I am Walter Becker, and I am the CEO of the Becker Oil Company. I am an opportunist, not an entrepreneur.

In January of 2011, with the advice of my attorney, I established a corporation named Becker Oil Company. Since then, the only oil I have produced is on my forehead and facial area. The good news is I’ve received government funds for my lack of production.

First, the subsidies (free money) I received from the federal government were outstanding and now sit in an offshore account in the Cayman Islands. Second, the grants (free money) I received for exploring and developing alterna tive fuels were a huge bonus to my corporation. My current boss makes my paychecks out to Becker Oil Company.

My attorney tells me I will not have to pay any taxes this year. So my wife and I just paid cash for a coastal estate, and we are going on a couple of exotic vacations that we could never afford before.

So be an opportunist.

Walter Becker

Morro Bay Editor’s note: Becker Oil Company is not to be confused with Becker Oil Corp. of Ponco, Okla.

Generous display

Despite challenging economic times, the local display of generosity was much in evidence this year as many contributed to the Salvation Army “red kettles,” to help the needy in our community. Ninety percent of all donations goes to the poor, and only 10 percent go to the organization. “The Most Effective Organization in the U.S.,” it was recently described.

Will Perry

Morro Bay

A false claim?

Has anybody else noticed as they drive south from San Luis Obispo that Mr. Dalidio has apparently decided that he can, in fact, afford to farm his land that he so desperately wants to pave over to turn into a shopping center? During the long and involved process of getting his approval to do so, one of the reasons he gave for needing to have his farmland re-zoned for a shopping center was that he simply couldn’t afford to farm that land anymore, and he let it go to seed to try to prove that claim. Now that he has his approval to pave it over, I guess something has changed and he can afford to farm it after all.

Mark Hoffman

San Luis Obispo

Making a difference

Central Coast Funds for Children recently donated thousands of dollars to local programs that help underprivileged children. As coordinator of one of the programs to receive funding, I would like to thank all the members of CCFC for their tireless work to raise money for important causes that serve our community’s children in need. Members of CCFC have been raising money through a variety of fundraising events every year since the organization was first established in 1994. Through their hard work and generosity of spirit, they are able to make a positive difference in local children’s lives.

Kit Sinner

Abused Children’s Treatment Services

Repressive legislation

Hidden deep within the recent National Defense Authorization Act were provisions that allow the U.S. military to arrest, indefinitely detain, and virtually “disappear” any American citizen whom the military brass consider to be a “terrorist.” No specific definitions about what “terrorist” might mean; that is left up to the Pentagon.

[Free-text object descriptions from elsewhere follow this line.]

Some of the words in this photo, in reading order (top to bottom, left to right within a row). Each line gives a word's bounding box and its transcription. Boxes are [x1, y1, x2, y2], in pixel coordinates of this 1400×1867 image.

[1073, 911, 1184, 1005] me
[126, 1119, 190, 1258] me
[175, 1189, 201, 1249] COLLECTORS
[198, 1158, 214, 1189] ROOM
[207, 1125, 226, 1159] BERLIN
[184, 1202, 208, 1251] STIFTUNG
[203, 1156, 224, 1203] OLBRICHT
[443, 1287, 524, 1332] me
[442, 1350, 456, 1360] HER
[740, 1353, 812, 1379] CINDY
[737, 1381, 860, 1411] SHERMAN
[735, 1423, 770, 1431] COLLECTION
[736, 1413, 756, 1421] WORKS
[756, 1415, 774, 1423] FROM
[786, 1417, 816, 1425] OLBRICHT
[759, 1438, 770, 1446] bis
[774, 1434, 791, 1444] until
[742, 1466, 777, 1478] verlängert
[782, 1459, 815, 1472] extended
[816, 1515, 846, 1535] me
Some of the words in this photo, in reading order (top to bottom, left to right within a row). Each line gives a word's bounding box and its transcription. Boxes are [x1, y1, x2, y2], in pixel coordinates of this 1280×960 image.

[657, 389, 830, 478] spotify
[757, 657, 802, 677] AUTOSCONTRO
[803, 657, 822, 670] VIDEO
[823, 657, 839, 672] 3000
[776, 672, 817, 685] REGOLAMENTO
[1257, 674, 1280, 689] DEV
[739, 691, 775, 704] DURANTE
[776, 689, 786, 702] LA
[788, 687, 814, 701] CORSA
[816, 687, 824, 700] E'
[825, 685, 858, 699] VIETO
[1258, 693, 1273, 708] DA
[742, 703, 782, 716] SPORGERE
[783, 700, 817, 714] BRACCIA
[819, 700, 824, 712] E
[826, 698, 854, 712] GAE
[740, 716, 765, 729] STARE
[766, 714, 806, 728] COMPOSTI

When this is added to other repressive laws on the books, the framework of a military-police state has been established in the United States. This will no doubt lead to the victimization of many Americans whom the brass hats think have “the wrong politics” or the “wrong” ethnicity.

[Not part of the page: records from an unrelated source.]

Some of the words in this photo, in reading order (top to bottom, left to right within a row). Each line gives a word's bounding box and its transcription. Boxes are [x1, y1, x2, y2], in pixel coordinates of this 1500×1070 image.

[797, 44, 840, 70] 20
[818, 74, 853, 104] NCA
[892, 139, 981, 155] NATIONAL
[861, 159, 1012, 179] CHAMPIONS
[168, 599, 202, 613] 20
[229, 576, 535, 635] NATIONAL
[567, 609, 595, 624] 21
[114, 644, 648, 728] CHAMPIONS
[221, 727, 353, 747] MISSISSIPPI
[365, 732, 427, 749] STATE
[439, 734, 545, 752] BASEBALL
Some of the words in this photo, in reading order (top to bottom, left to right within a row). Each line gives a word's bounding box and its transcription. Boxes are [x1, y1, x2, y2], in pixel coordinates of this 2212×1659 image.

Obama gladly signed this law, adding a meaningless “signing statement,” which supposedly blunts some of the worst ramifications of the thing.

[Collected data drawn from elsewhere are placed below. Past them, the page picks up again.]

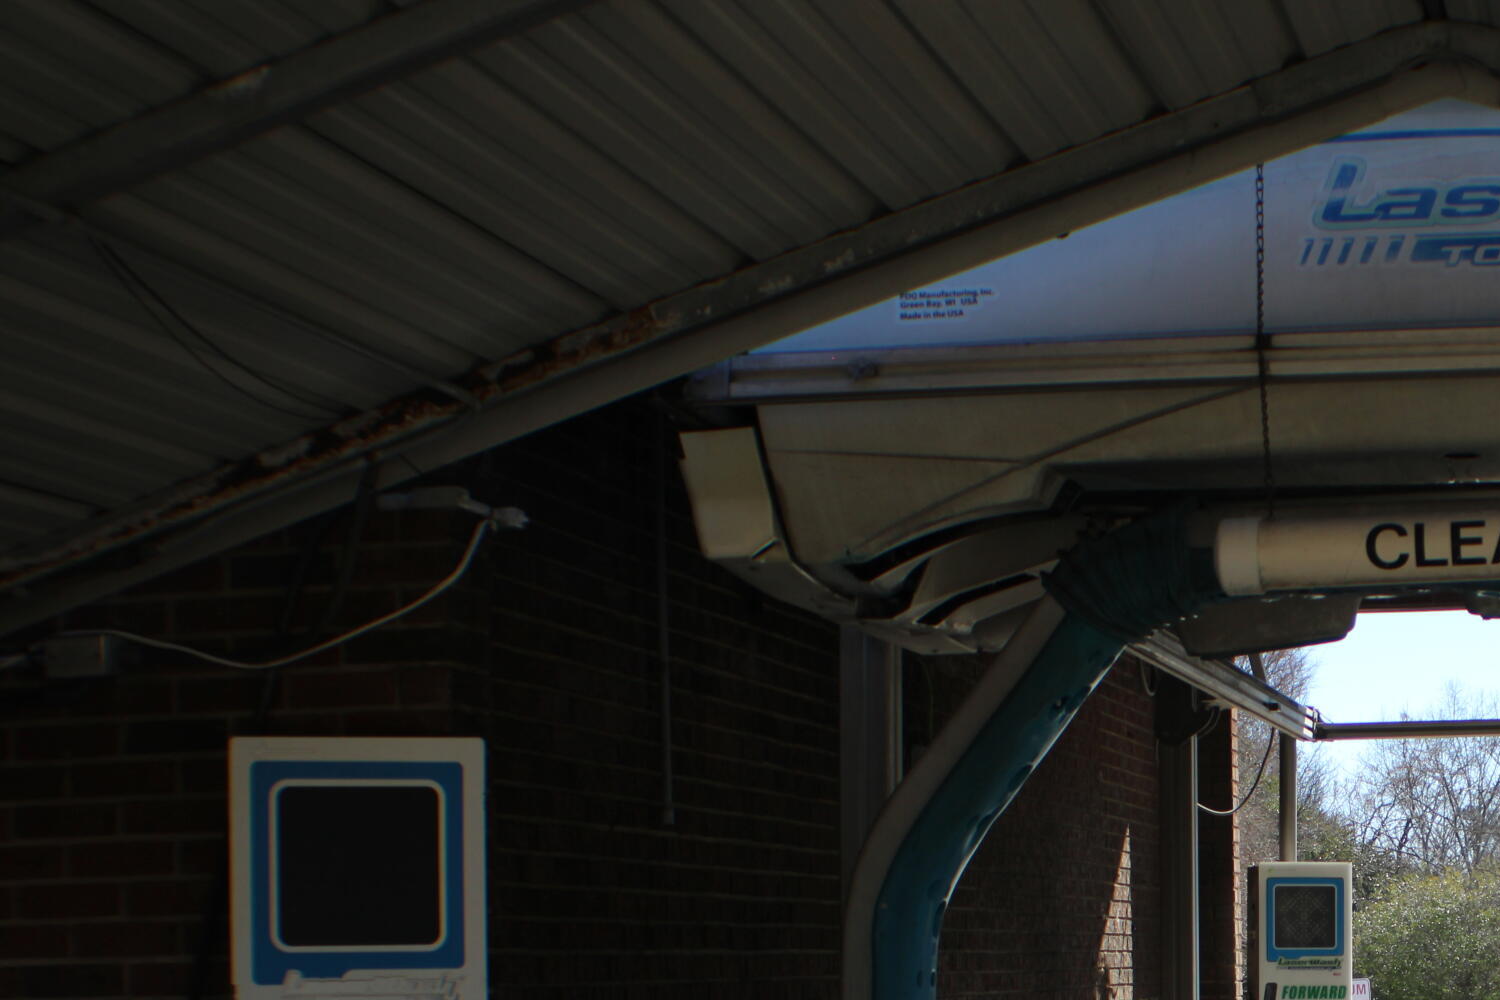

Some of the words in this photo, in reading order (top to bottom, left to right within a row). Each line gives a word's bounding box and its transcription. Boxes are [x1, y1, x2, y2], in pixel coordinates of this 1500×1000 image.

[960, 297, 978, 305] USA
[899, 312, 922, 320] Made
[933, 311, 945, 319] the
[947, 310, 964, 318] USA
[1281, 985, 1348, 1000] FORWARD

But we’ve often seen Obama waver on principles or things he’s pledged, and the “blunting” would only be for the rest of his administration anyway, which may have only a year to go.

Here is one more crystalclear example of how both major parties go hand-inhand when it comes to expanding the empire and militarizing our society — and attacking civil liberties and democratic rights — and how meaningless and bankrupt are the “lesser evil” politics of progressives supporting Democrats.